By John Ridgway
A long trip in a sailing boat with other people brings its own special stresses and strains. Choosing the crew is a key decision. Francis Drake executed his best friend before he was even a quarter of the way round the world aboard his Golden Hind.
People change throughout their lives, the fellow who may have been an ideal companion on a trip a few years back may have become quite the opposite over the intervening period. Two is a good number, three definitely not, the risk of a two-to-one situation is not worth chancing. Romance in the crew is like office gossip, intriguing at first but increasingly less so. The best crew I have encountered have been quiet fellows, people who avoided taking sides or making a stand on issues.
Before we set sail, I like to take the crew for a quiet sit down by English Rose III, the twenty-foot open dory which Chay Blyth and I rowed across the North Atlantic. Although there will always be fresh comforts which it would be good to have aboard the fifty-seven feet of English Rose VI, at least the crew will be very much more comfortable than Chay and I ever were on English Rose III. And yet, and yet, by the time we landed in Eire, we thought her the finest craft ever built. Throughout history, given time, humans have proved very adaptable. We had adapted to that rough kind of life, without plates or taps or lavatories or bunks or bedding.

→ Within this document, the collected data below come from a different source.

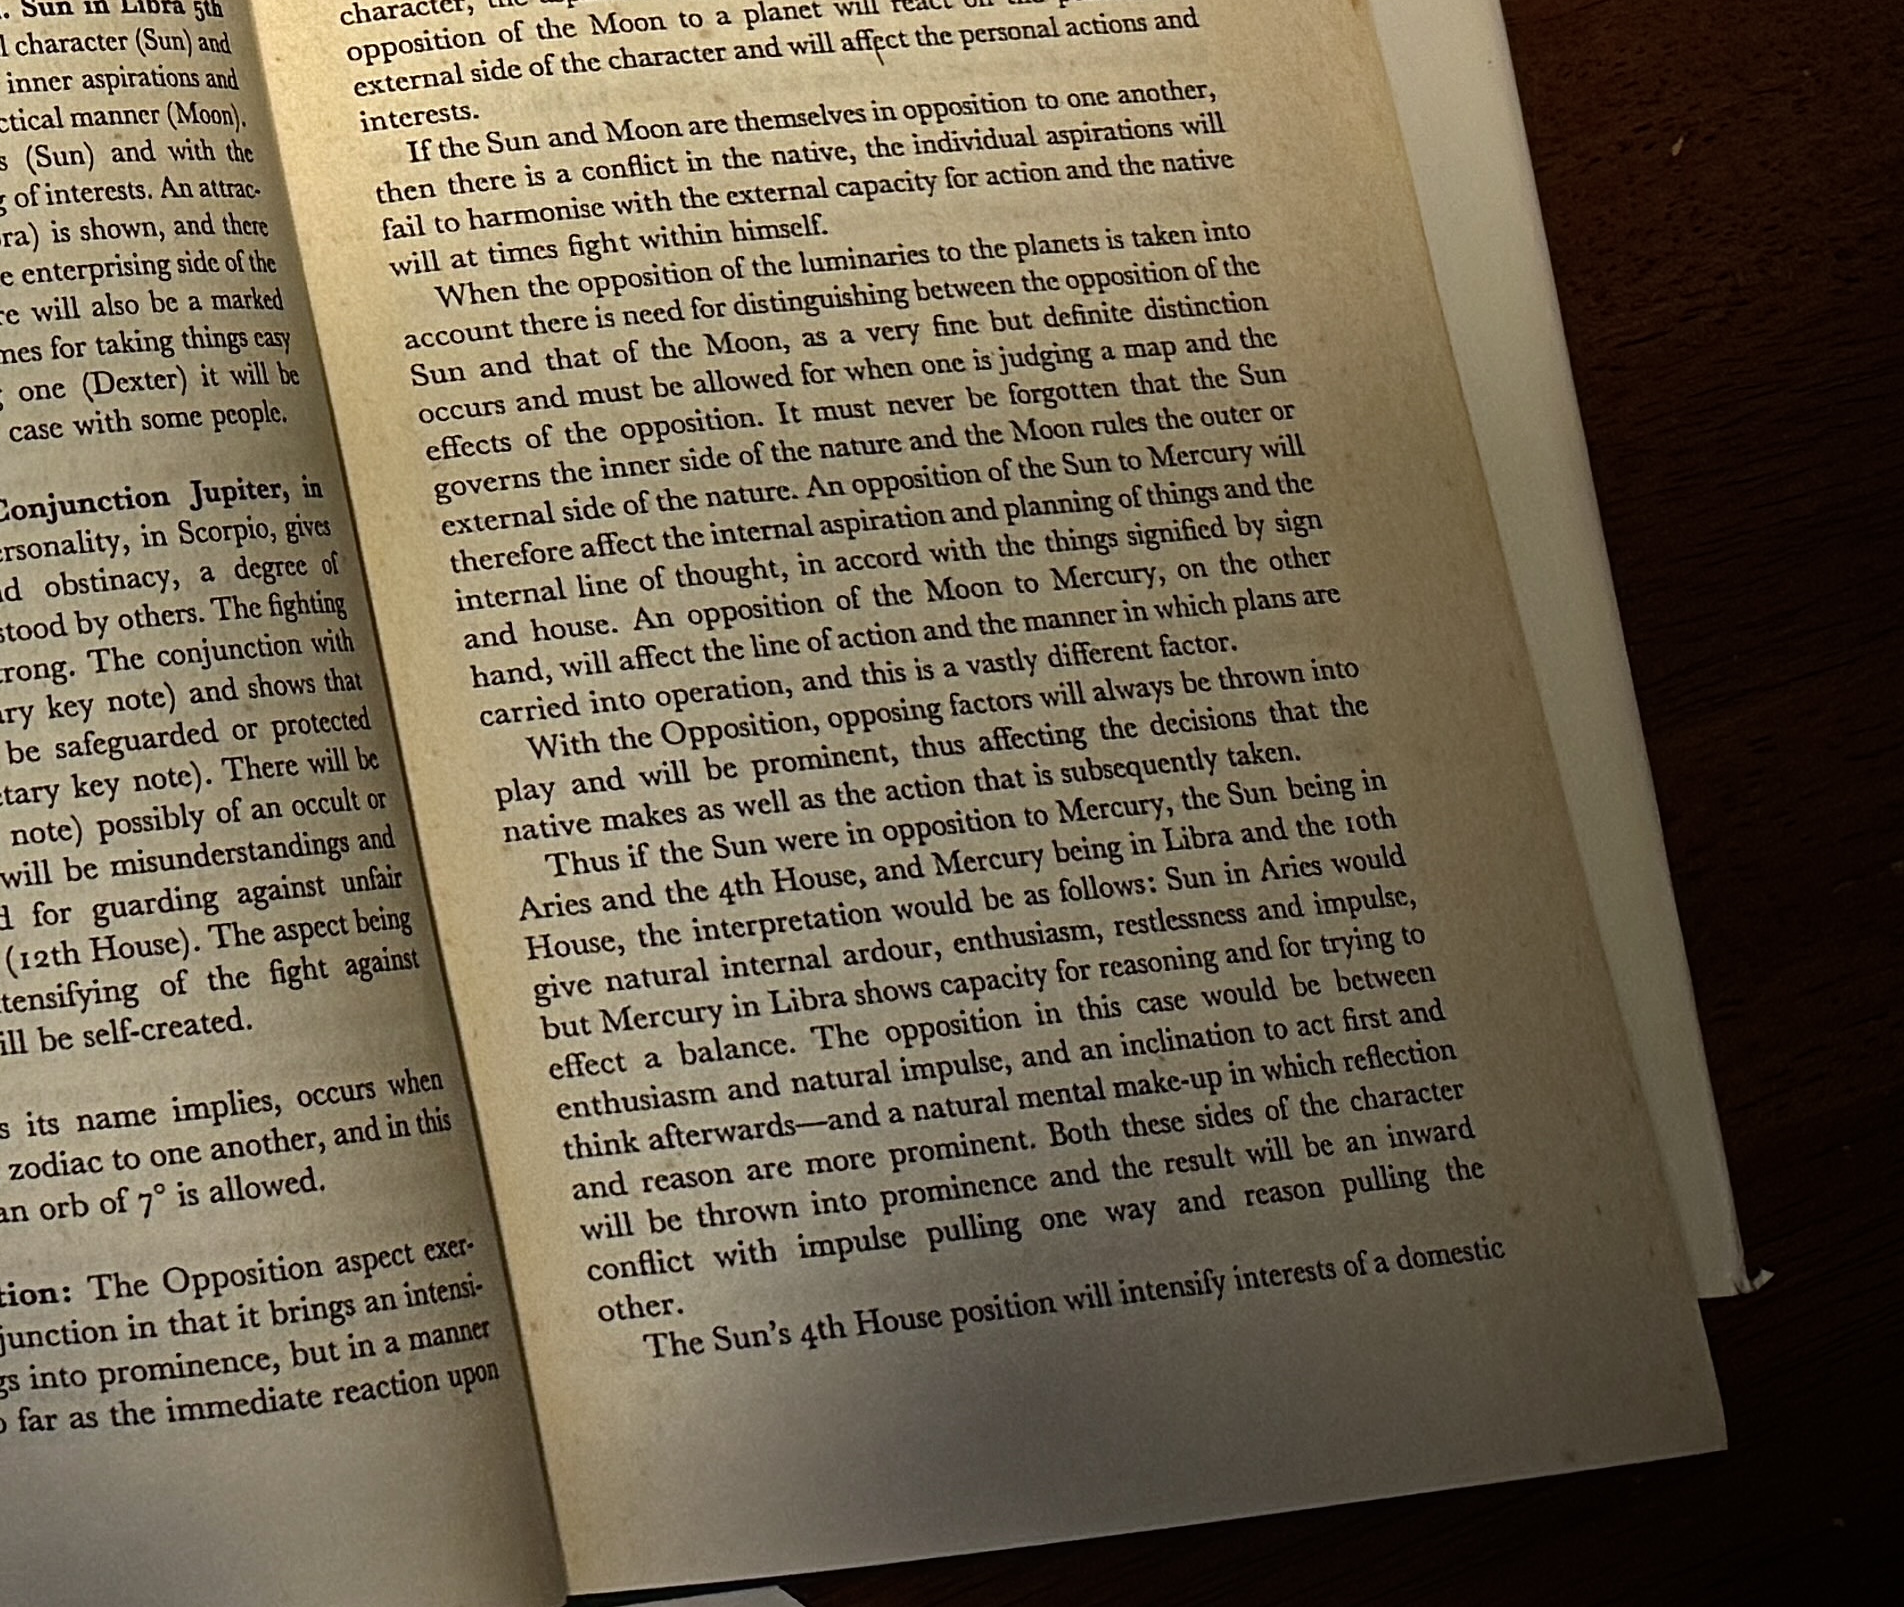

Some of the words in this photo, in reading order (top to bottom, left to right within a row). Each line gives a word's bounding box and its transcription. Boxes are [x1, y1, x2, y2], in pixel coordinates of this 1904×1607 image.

[83, 0, 111, 15] in
[359, 104, 479, 133] interests.
[597, 1293, 684, 1323] other.
[642, 1330, 705, 1359] The
[712, 1320, 792, 1352] Sun's
[800, 1313, 848, 1350] 4th
[852, 1307, 943, 1337] House
[950, 1292, 1057, 1334] position
[1063, 1281, 1113, 1311] will
[1118, 1268, 1226, 1305] intensify
[1233, 1260, 1337, 1291] interests
[1343, 1249, 1368, 1277] of
[1374, 1256, 1390, 1273] a
[1396, 1241, 1506, 1271] domestic

While considering the crew for this third voyage round the world, I took into special account, previous voyages on English Rose VI. Twelve of us had raced together for the nine months of the Whitbread Round World Race of 1976/7, while just one person had come with me on the 203-day non-stop sail round the world in 1983/4. And there were six of us who shared the 18-month family cruise to Polynesia and Antarctica in 1993/5, then again, we were nine to West Greenland in 1999 and four to America in 2001.
"ONLY DEAD FISH SWIM WITH THE STREAM"
This time, I think we should take a total of six; three watches, each of two people
Of course, at 65, it would be easier to sit at home and get on with the knitting and gardening. I do need Enthusiasm to help me lift the heavy load once more. As Henry Ford said "Enthusiasm is the key: the spark in the eye, the grip of the hand the spring in the step, everything else is an alibi." So I'm looking for Enthusiasm.
So what does all this add up to?
Nick Grainger(53) is coming back for the trip, thirty years after his time as an Instructor here in '71-'73. His Master's degree in Virtual Communications will be handy in running the computers and cameras. But what really draws us to Nick is his enthusiasm for life, coupled with that huge well of resourcefulness, which carried him through his epic self-rescue after capsizing and losing his mast in the middle of the Pacific, aboard his tiny wooden Shetland foureen, The Aegre. It's always good to be with lucky people, and Nick makes his own. It is important to say that Nick's total participation on this voyage for the albatross would not be possible without the huge support and understanding from his wife Tomoko and daughters Erica and Mariko back in Australia. Thanksalotty, Tommy, Erica and Mariko!
No matter what, I hope that between Nick, MC, our experienced Birdlife volunteers and me, we’ll find a way to keep the boat moving through the water for tens of thousands of miles, mostly in the harsh conditions of the Southern Ocean.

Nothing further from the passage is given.